What to work on » The data below should be restated word for word, with every picture omitted.
══ Records provided
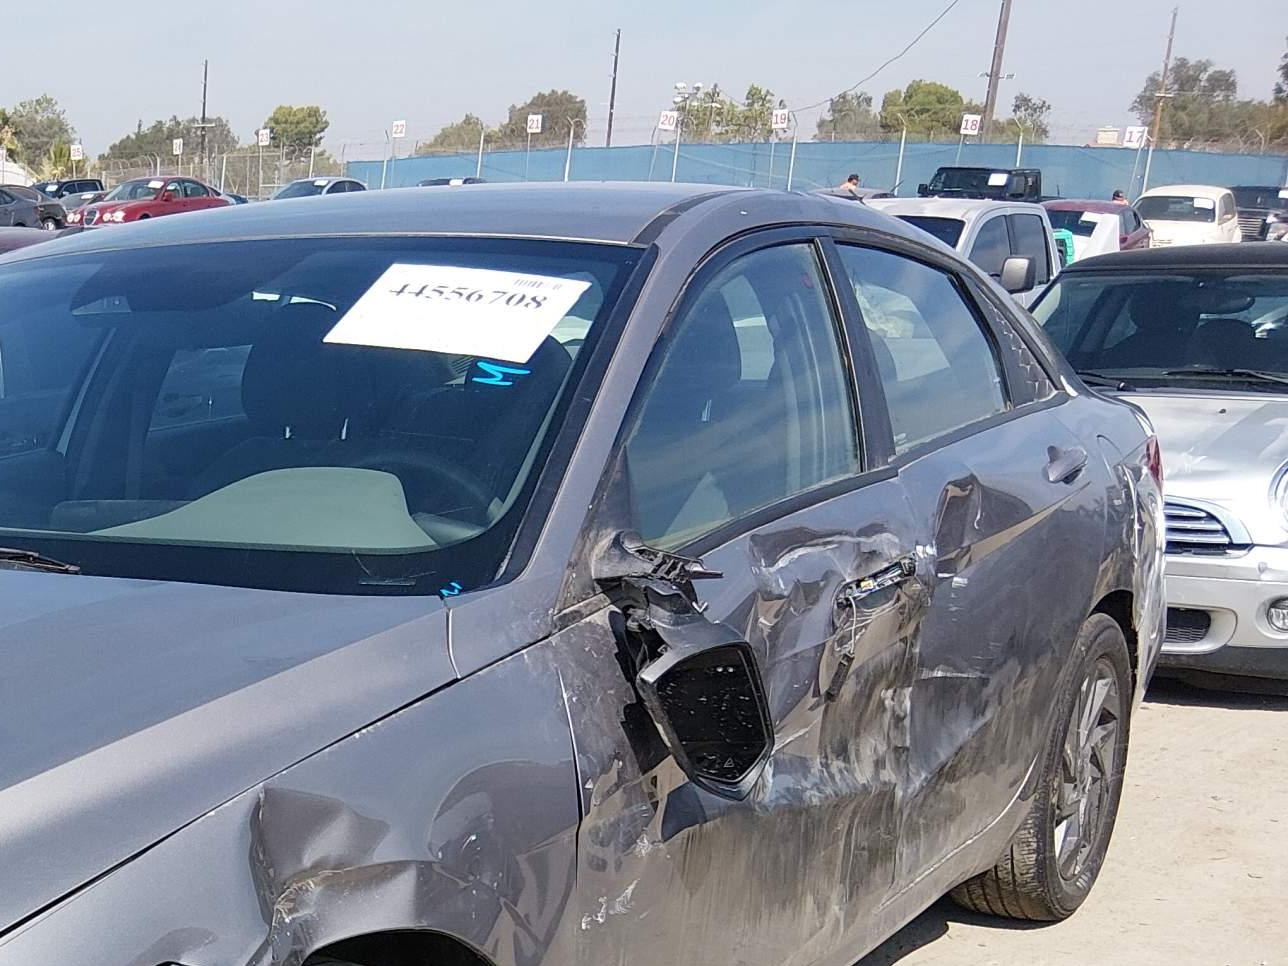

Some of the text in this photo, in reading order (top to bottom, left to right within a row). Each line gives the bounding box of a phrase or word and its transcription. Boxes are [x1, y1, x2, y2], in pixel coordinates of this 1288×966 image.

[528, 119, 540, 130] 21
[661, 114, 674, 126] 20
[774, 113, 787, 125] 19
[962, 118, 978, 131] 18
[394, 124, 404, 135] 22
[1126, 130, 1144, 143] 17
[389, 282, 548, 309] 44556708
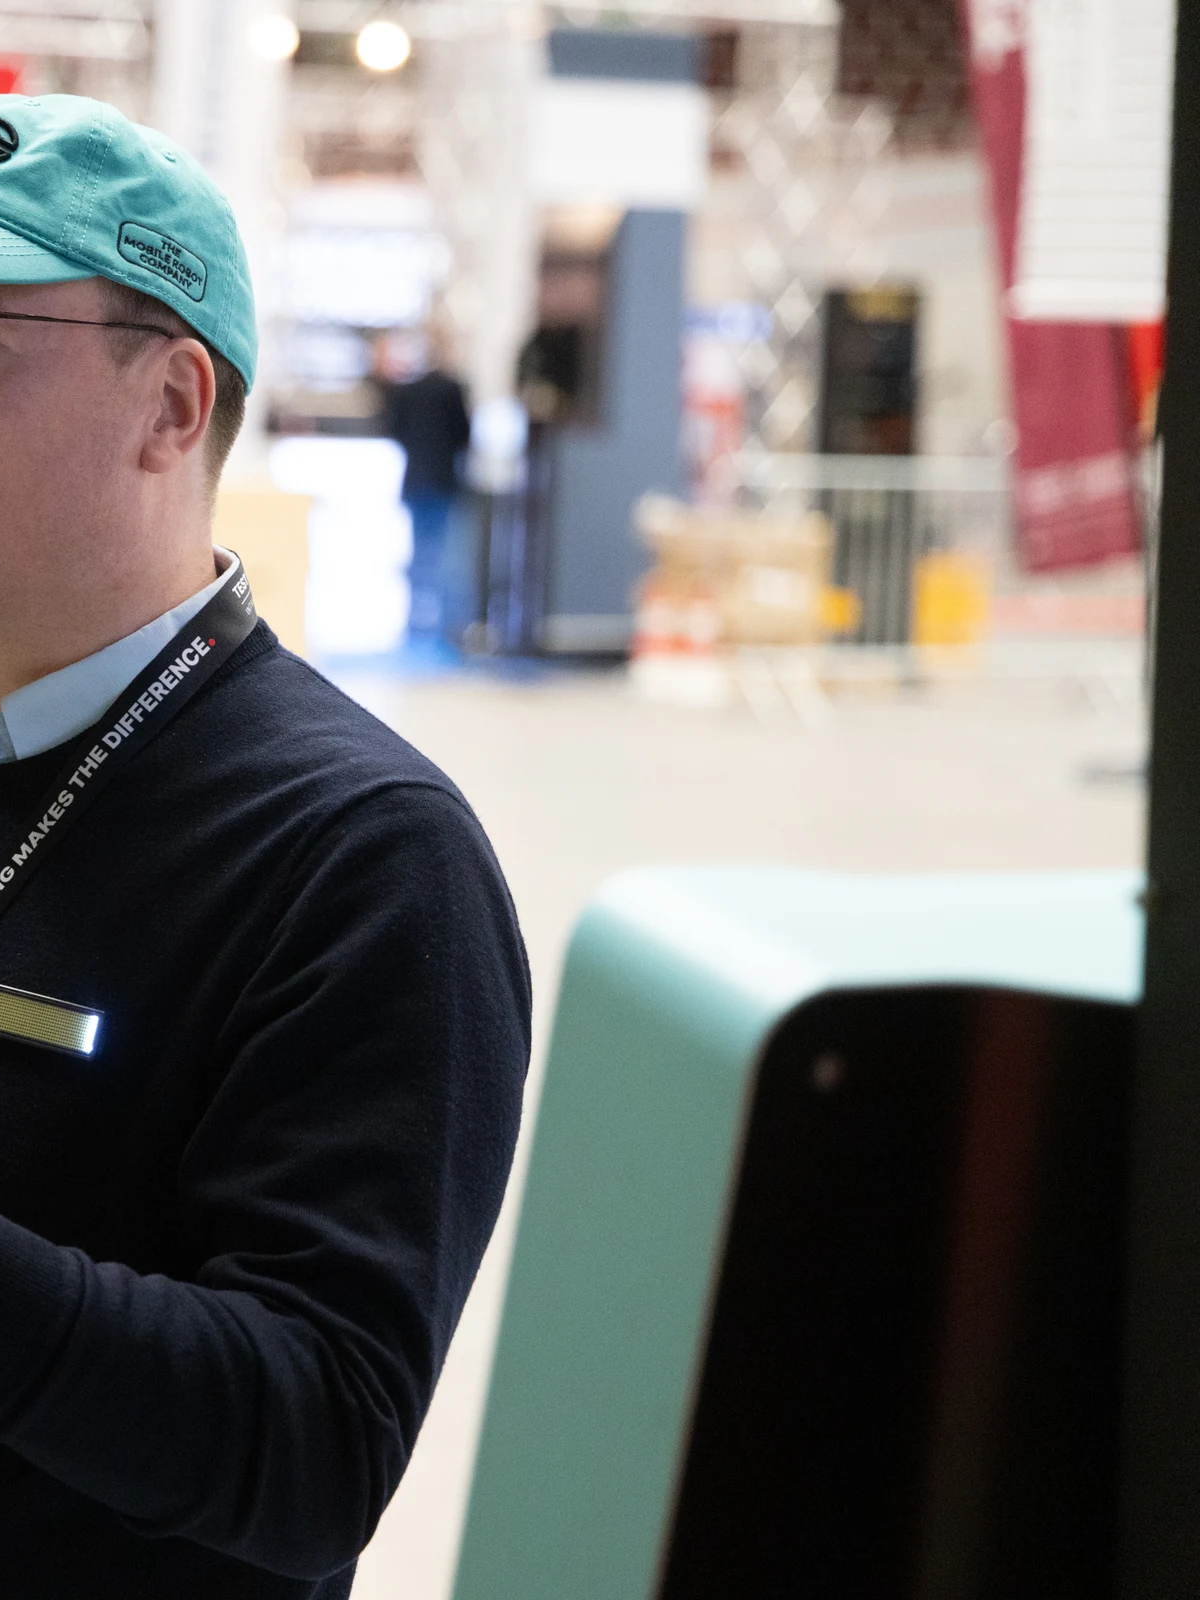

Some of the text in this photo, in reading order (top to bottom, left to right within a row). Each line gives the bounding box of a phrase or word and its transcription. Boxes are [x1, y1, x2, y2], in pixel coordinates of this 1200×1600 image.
════
Answer space »
Some of the text in this photo, in reading order (top to bottom, left to right within a row). Each line gives the bounding box of a phrase or word and its transcription. Boxes are [x1, y1, x2, y2], in pixel coordinates of this 1288×966 image.

[528, 119, 540, 130] 21
[661, 114, 674, 126] 20
[774, 113, 787, 125] 19
[962, 118, 978, 131] 18
[394, 124, 404, 135] 22
[1126, 130, 1144, 143] 17
[389, 282, 548, 309] 44556708

Some of the text in this photo, in reading order (top to bottom, left to right within a row). Each line gives the bounding box of a phrase or word and its transcription. Boxes are [x1, y1, x2, y2], in pixel coordinates of this 1200×1600 image.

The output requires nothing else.